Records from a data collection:
--*--

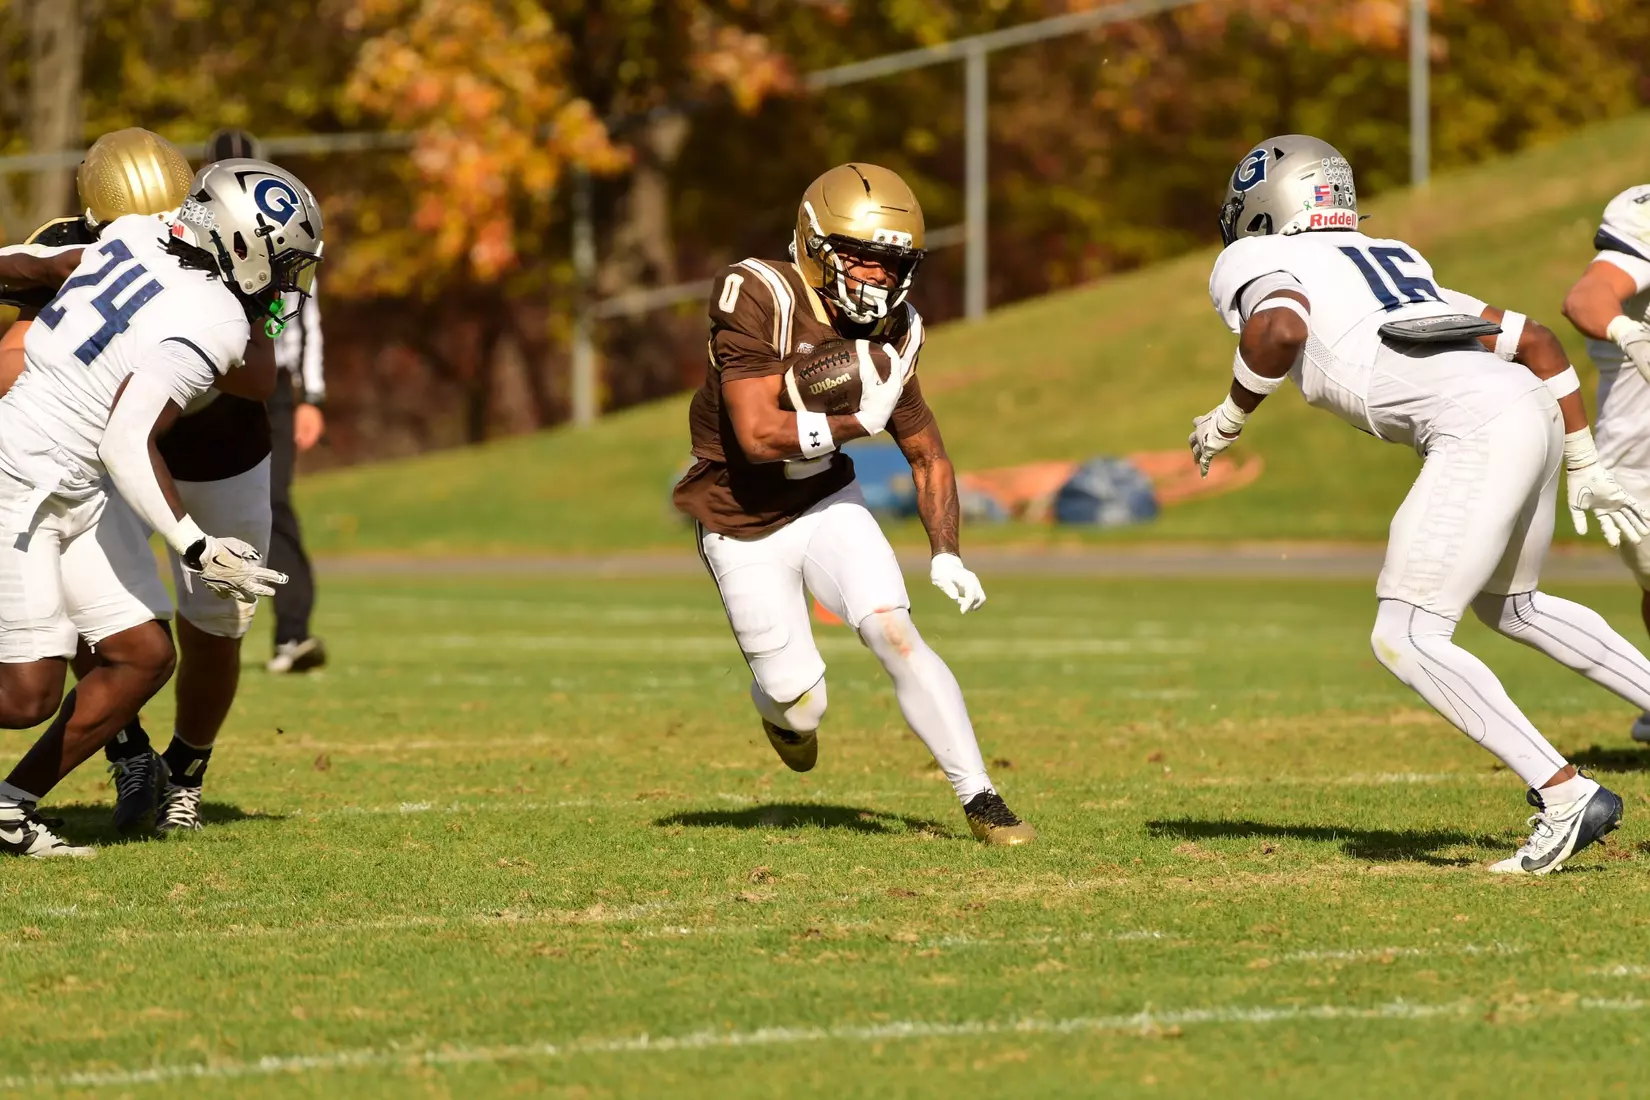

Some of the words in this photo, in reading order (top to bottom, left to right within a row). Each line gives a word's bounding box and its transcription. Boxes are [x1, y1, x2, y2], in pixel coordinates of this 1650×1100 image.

[1232, 148, 1270, 193] G
[254, 178, 301, 226] G
[1310, 212, 1357, 227] Riddell
[718, 272, 744, 314] 0
[1337, 246, 1448, 313] 16
[37, 239, 165, 367] 24
[809, 372, 852, 395] Wilson
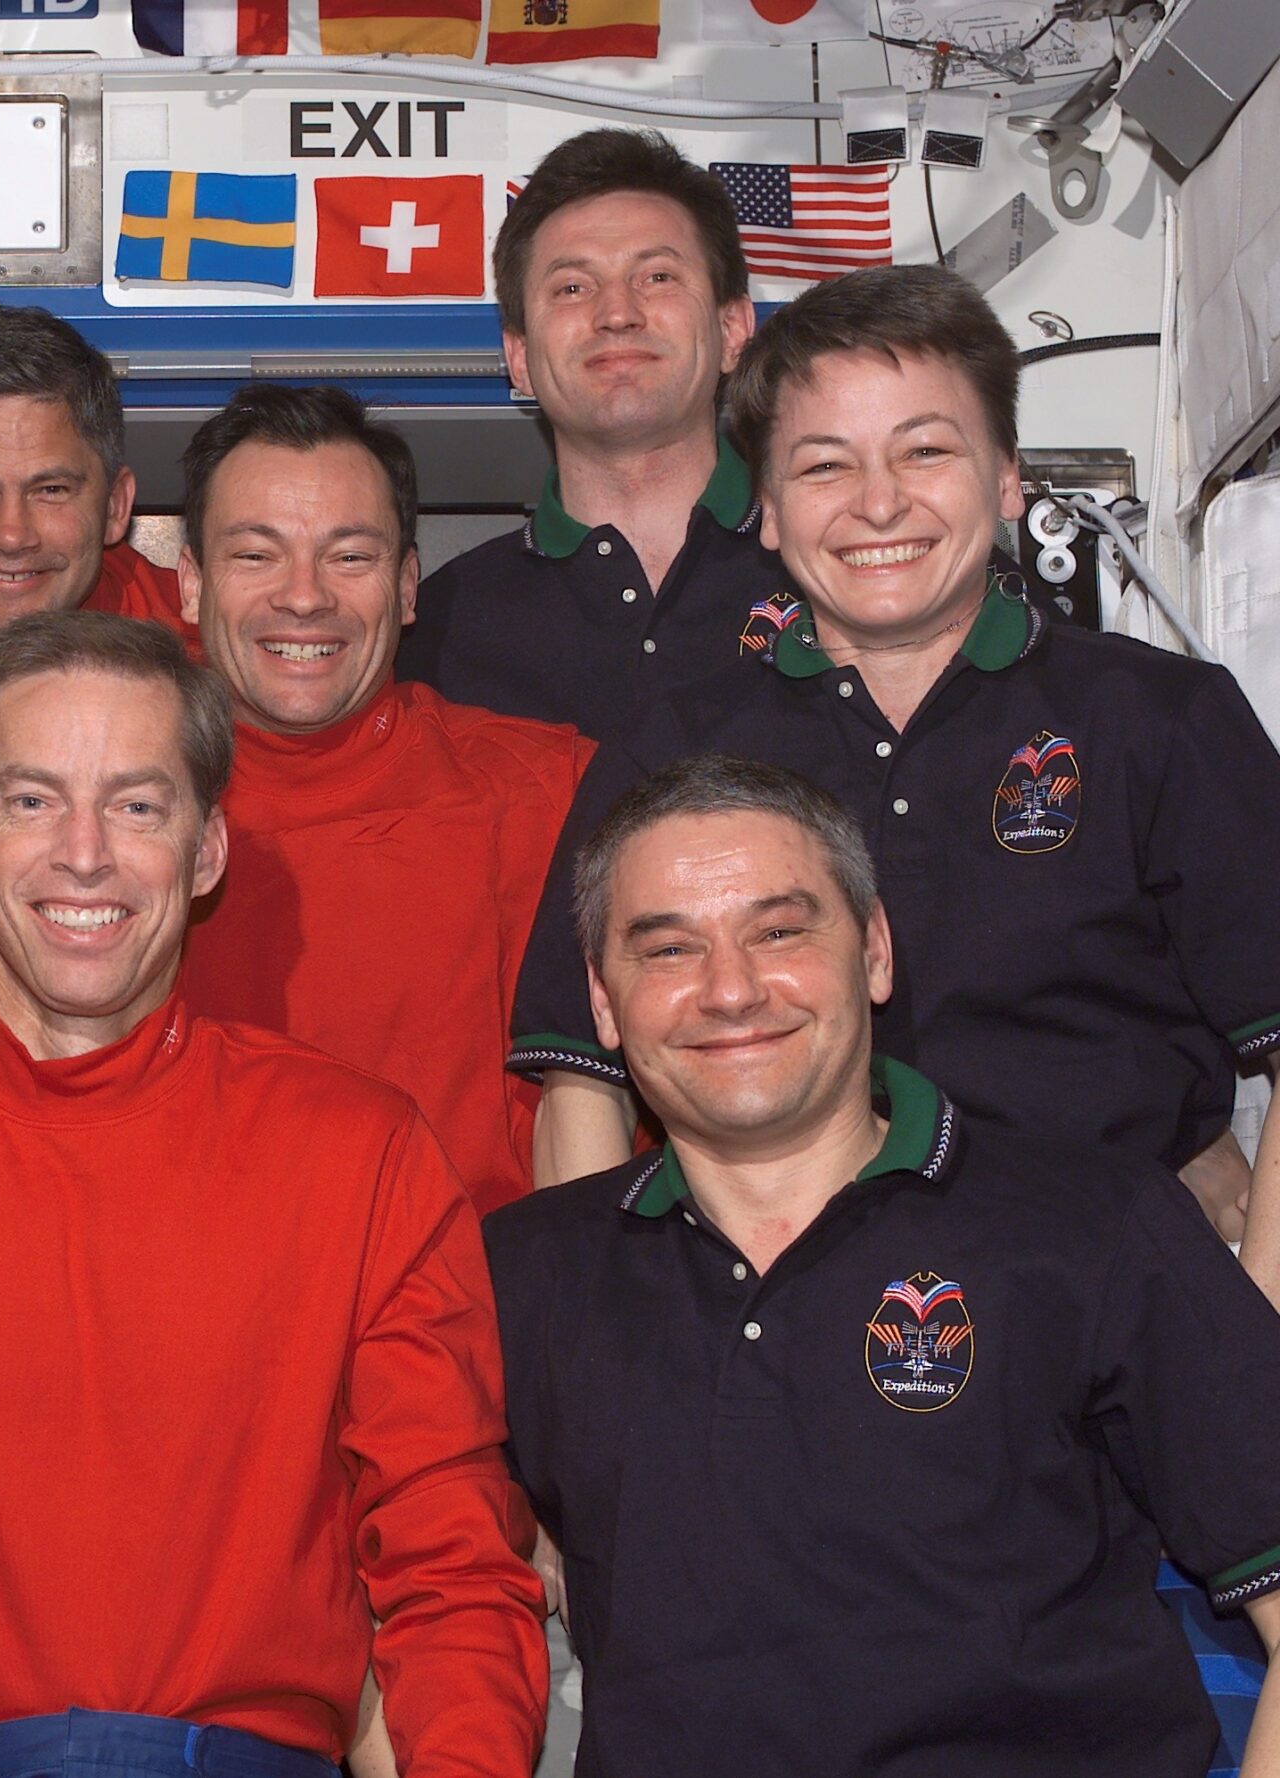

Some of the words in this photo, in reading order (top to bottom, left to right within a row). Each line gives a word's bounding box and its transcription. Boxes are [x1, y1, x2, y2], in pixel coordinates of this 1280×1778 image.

[290, 101, 465, 157] EXIT
[1002, 826, 1057, 841] Expedition
[1058, 828, 1065, 838] 5
[882, 1378, 946, 1393] Expedition
[947, 1383, 955, 1394] 5
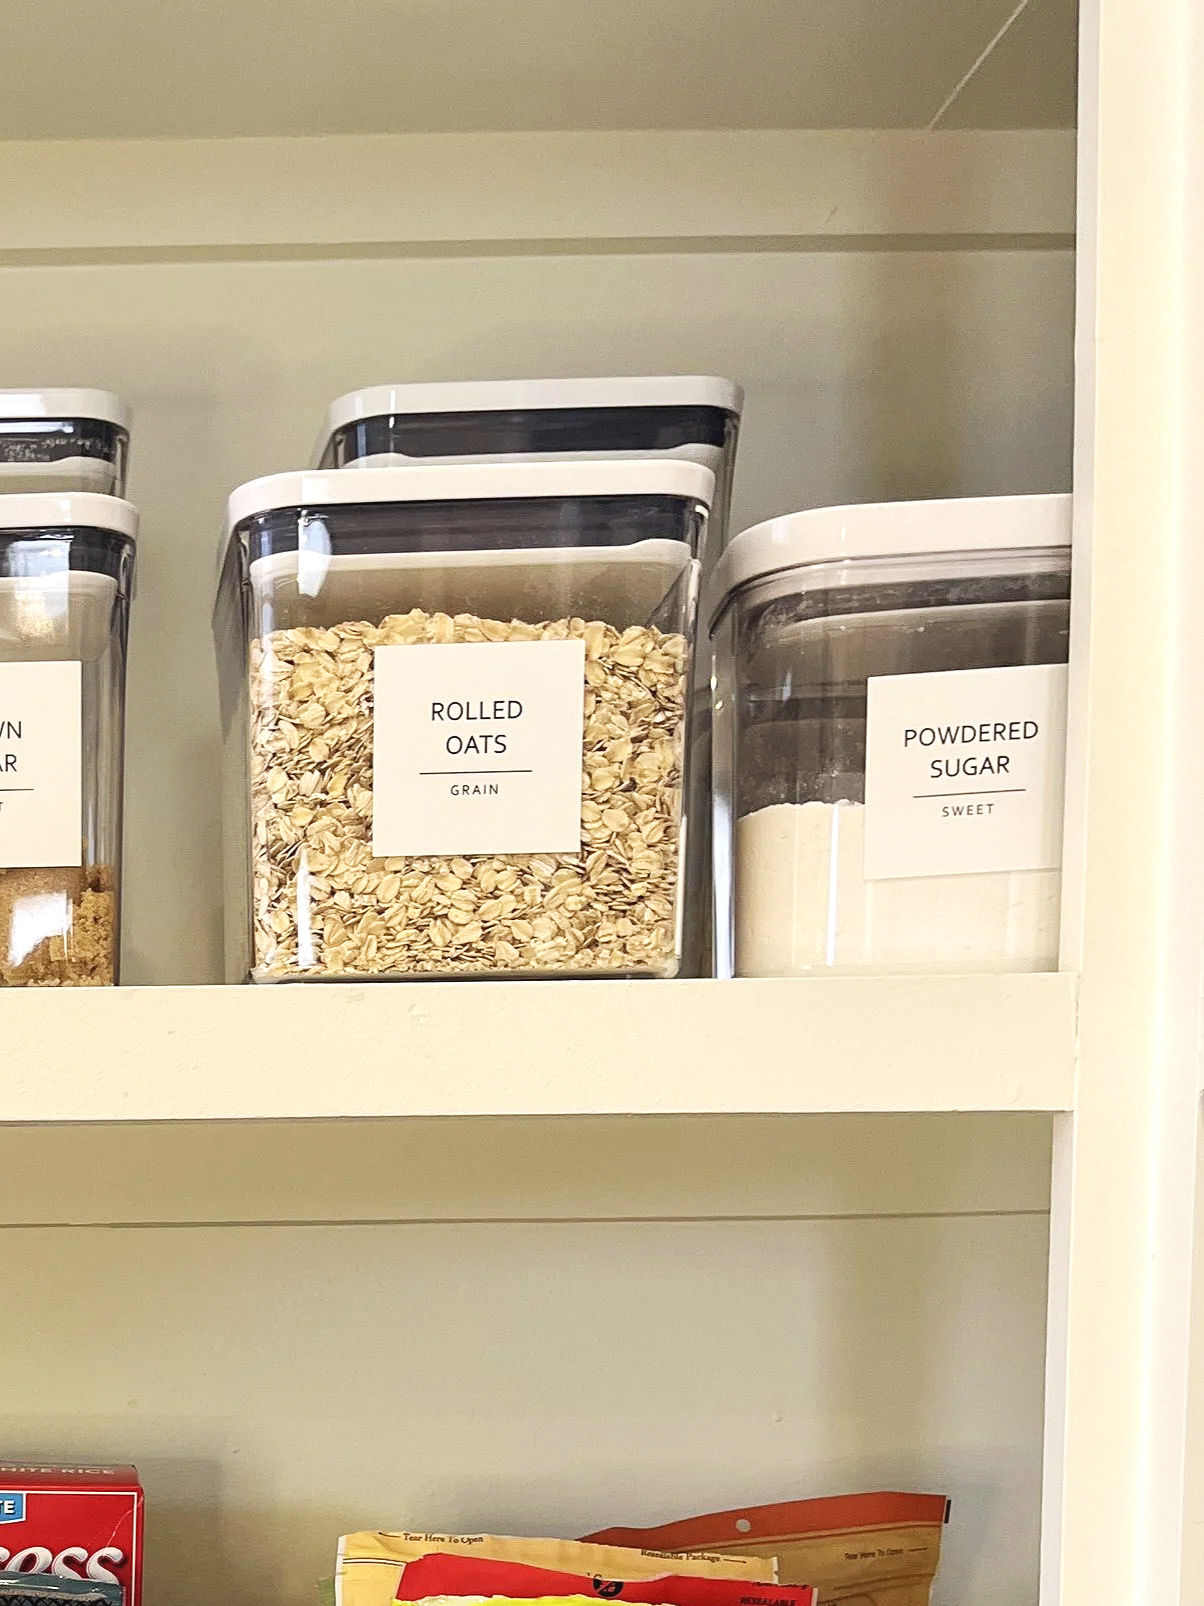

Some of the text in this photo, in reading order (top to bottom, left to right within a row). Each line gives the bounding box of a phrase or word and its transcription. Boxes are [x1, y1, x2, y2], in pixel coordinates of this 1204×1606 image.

[431, 700, 523, 721] ROLLED
[904, 721, 1039, 747] POWDERED
[446, 734, 507, 755] OATS
[930, 755, 1010, 779] SUGAR
[450, 784, 499, 796] GRAIN
[942, 803, 995, 818] SWEET
[402, 1532, 422, 1543] Tear
[424, 1534, 445, 1543] Here
[685, 1552, 721, 1564] Package

--*--

### Problem to work on
From the line holding "Some of the text" down to the last line of the records above, restate each line exactly as written.

### Solution for this task
Some of the text in this photo, in reading order (top to bottom, left to right within a row). Each line gives the bounding box of a phrase or word and its transcription. Boxes are [x1, y1, x2, y2], in pixel coordinates of this 1204×1606 image.

[431, 700, 523, 721] ROLLED
[904, 721, 1039, 747] POWDERED
[446, 734, 507, 755] OATS
[930, 755, 1010, 779] SUGAR
[450, 784, 499, 796] GRAIN
[942, 803, 995, 818] SWEET
[402, 1532, 422, 1543] Tear
[424, 1534, 445, 1543] Here
[685, 1552, 721, 1564] Package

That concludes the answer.